Studio album by Jellyfish
- Released: July 27, 1990
- Studios: Schnee; Studio 55; Ocean Way
- Genre: Power pop
- Length: 39:32
- Label: Charisma
- Producers: Albhy Galuten; Jack Joseph Puig;

Jellyfish chronology
|  | Bellybutton (1990) | Jellyfish Comes Alive (1991) |

= Bellybutton (album) =

Bellybutton is the debut album by American rock band Jellyfish, released on July 27, 1990, on Charisma Records. It was recorded after Andy Sturmer and Roger Manning's departure from Beatnik Beatch and Jason Falkner's departure from the Three O'Clock. The album was recorded in Schnee Studios in North Hollywood and produced by Albhy Galuten and Jack Joseph Puig.

Bellybutton was released to critical acclaim and peaked at No. 124 on US charts. "Baby's Coming Back" was covered by the British band McFly in 2007, which reached No. 1 on the UK Singles Chart. An expanded deluxe edition was released by Omnivore Recordings in 2015.

==Background==
Before the formation of Jellyfish, Andy Sturmer and Roger Manning were in the group Beatnik Beatch. Sturmer was the group's drummer, singer, and songwriter. Manning was the group's keyboardist. Jason Falkner during this time was the lead guitarist for the Three O’Clock, a Los Angeles-based Paisley Underground band.

Manning and Sturmer had known each other since high school. Sturmer had initially become the group's drummer but transitioned into one of the group's vocalists and songwriters. Manning joined Beatnik Beatch after the band's keyboardist had quit. Manning and Sturmer soon began collaborating, writing compositions that were stylistically different from the songs the band was producing at the time. Soon after the group released its eponymous debut album in 1989, Manning and Sturmer left the group to continue songwriting with one another.

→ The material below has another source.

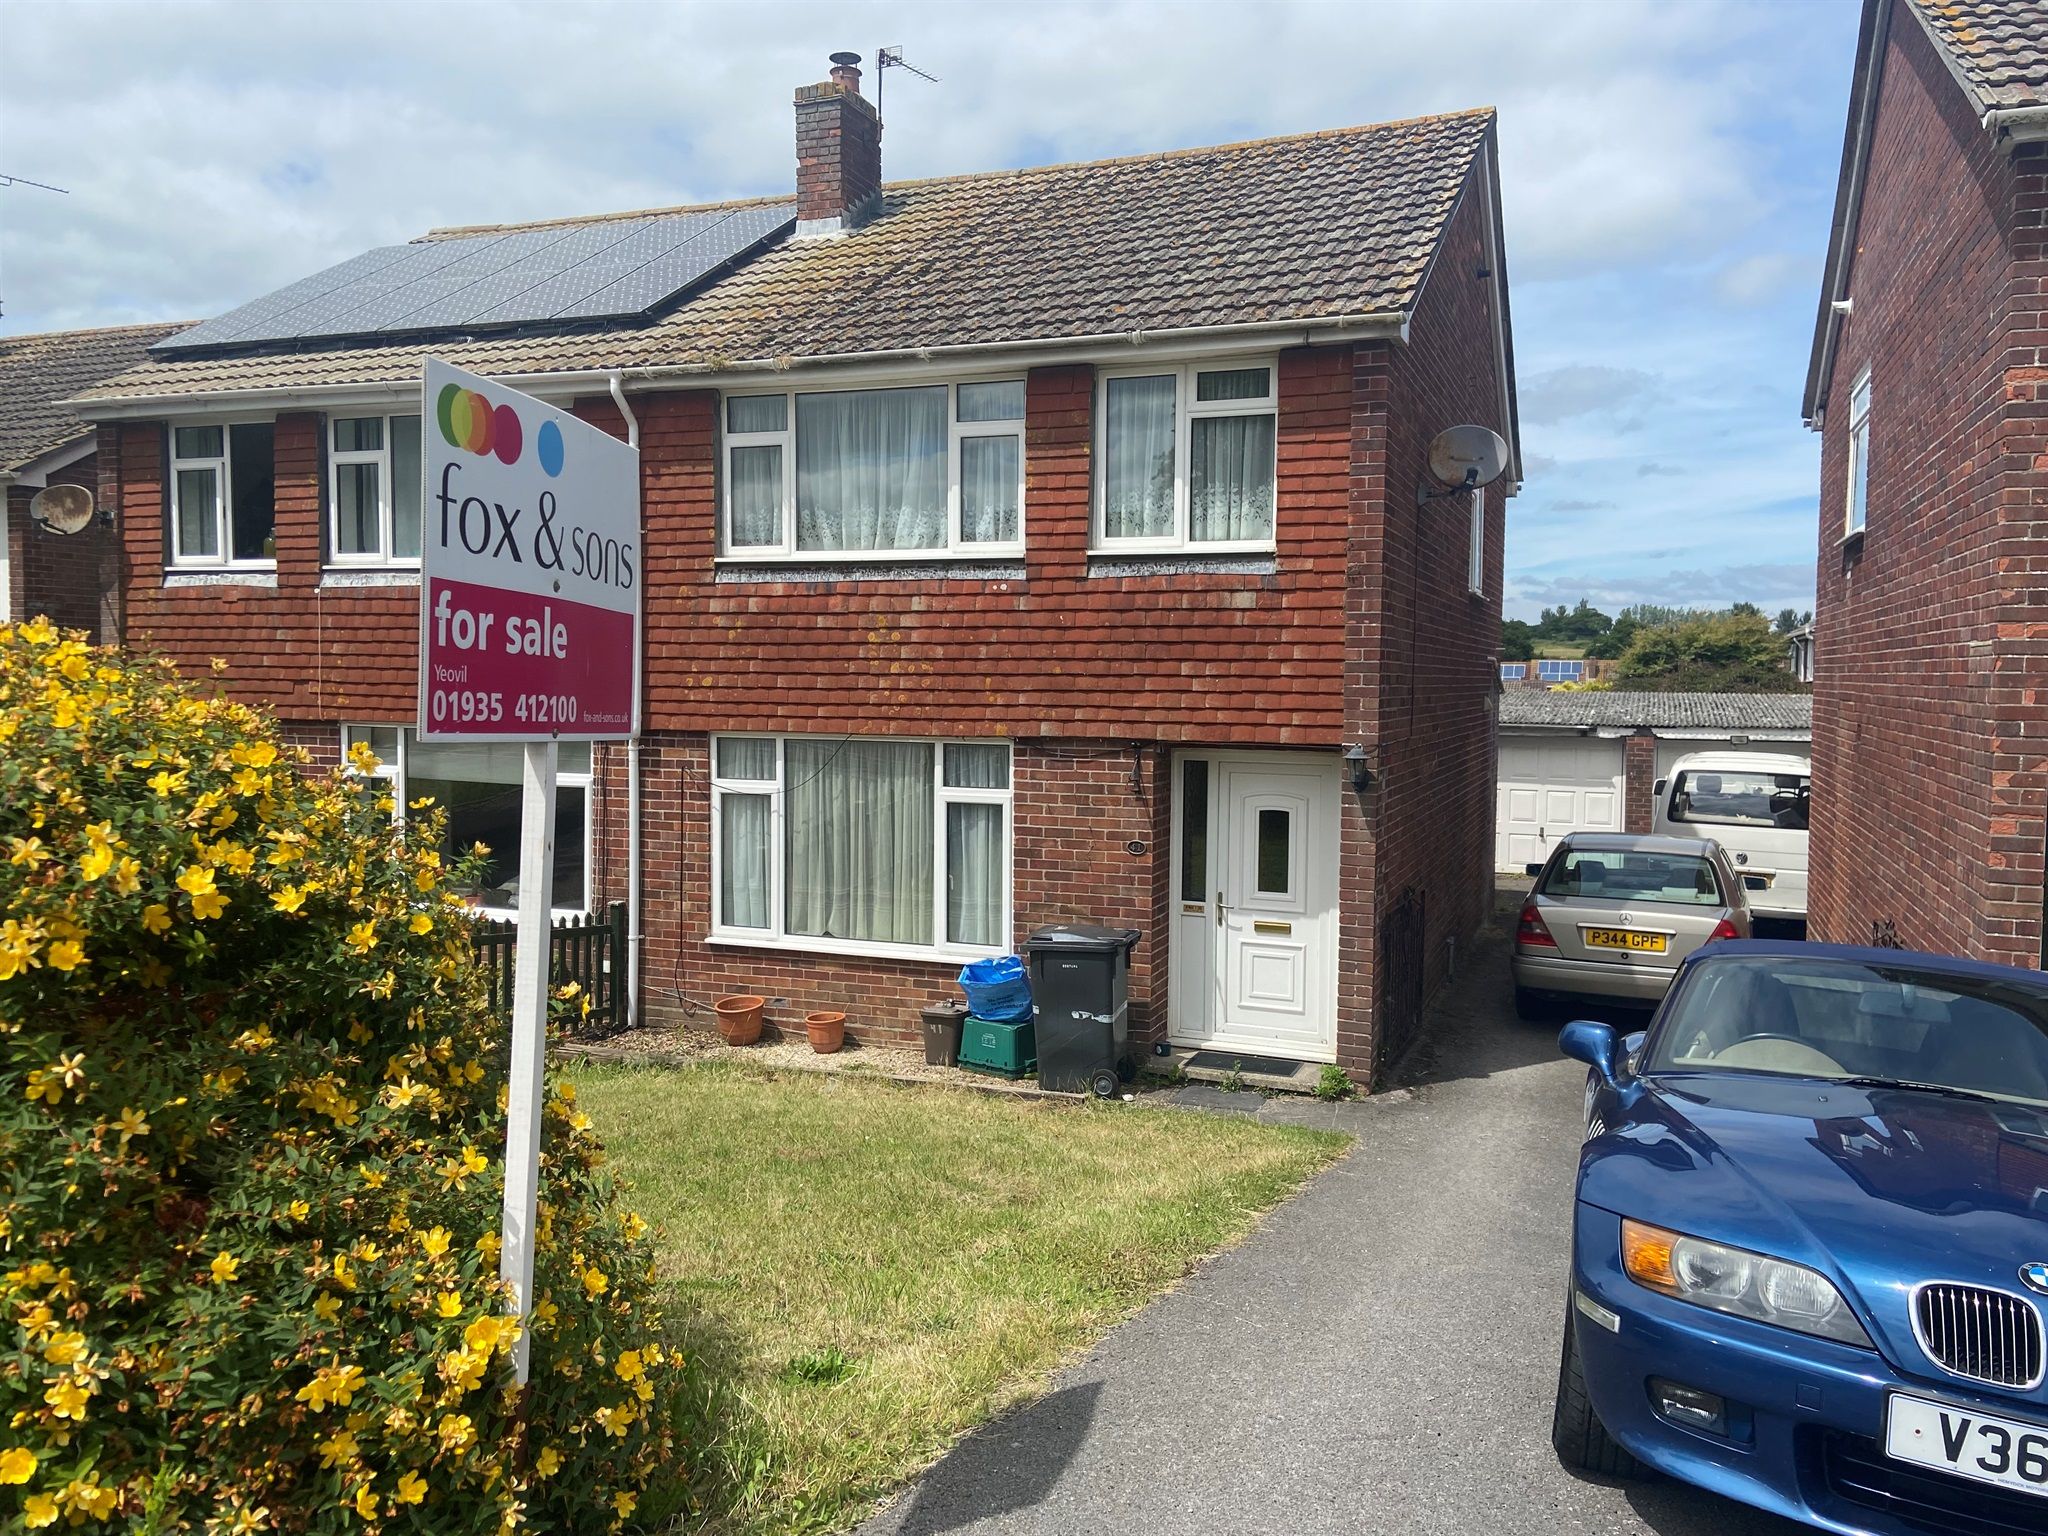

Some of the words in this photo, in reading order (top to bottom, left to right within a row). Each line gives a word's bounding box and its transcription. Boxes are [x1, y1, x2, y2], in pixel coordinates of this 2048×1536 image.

Falkner had originally put a newspaper advertisement looking for “like-minded musicians”. Manning responded to Falkner's ad and the two met to collaborate. Nothing initially came out of the meeting. However, once Manning and Sturmer had left Beatnik Beatch, Manning got back in touch with Falkner to see if he was interested. Falkner was persuaded by the prospect of a major-label deal.

==Songwriting and production==

Despite the recent major-label deal, the songwriting sessions were tumultuous in nature. Falkner describes not getting along with Sturmer. Falkner claims Manning had warned him about Sturmer's strong personality. He also claims that Manning and Sturmer's relationship was difficult despite the songwriting partnership. Falkner recalled Manning going up to him in tears and exclaiming, “Screw this, It’s too hard.”

The album was recorded at Schnee Studios in North Hollywood. Falkner performed the majority of the bass tracks on the album; the group was also accompanied by Steven Shane McDonald. The album was produced by Albhy Galuten (who achieved fame for producing the Bee Gees' album Saturday Night Fever) and engineer Jack Joseph Puig.

==Release and promotion==
Bellybutton was released on July 27, 1990, on Charisma Records. The band embarked on a yearlong tour in support of Bellybutton with Roger Manning's younger brother Chris joining as the band's bassist. While on tour, the band opened up for the bands the Black Crowes and World Party.

The album spawned the singles "The King Is Half-Undressed" (which reached No. 19 on Billboard's Modern Rock Chart and No. 39 on the UK Singles Chart), "That Is Why" (which reached No. 11 on Billboard's Modern Rock Chart), "Baby's Coming Back"
(which reached No. 62 on Billboard's Hot 100 chart and No. 54 on the UK Singles Chart), and “I Wanna Stay Home” (which reached No. 59 on the UK Singles Chart).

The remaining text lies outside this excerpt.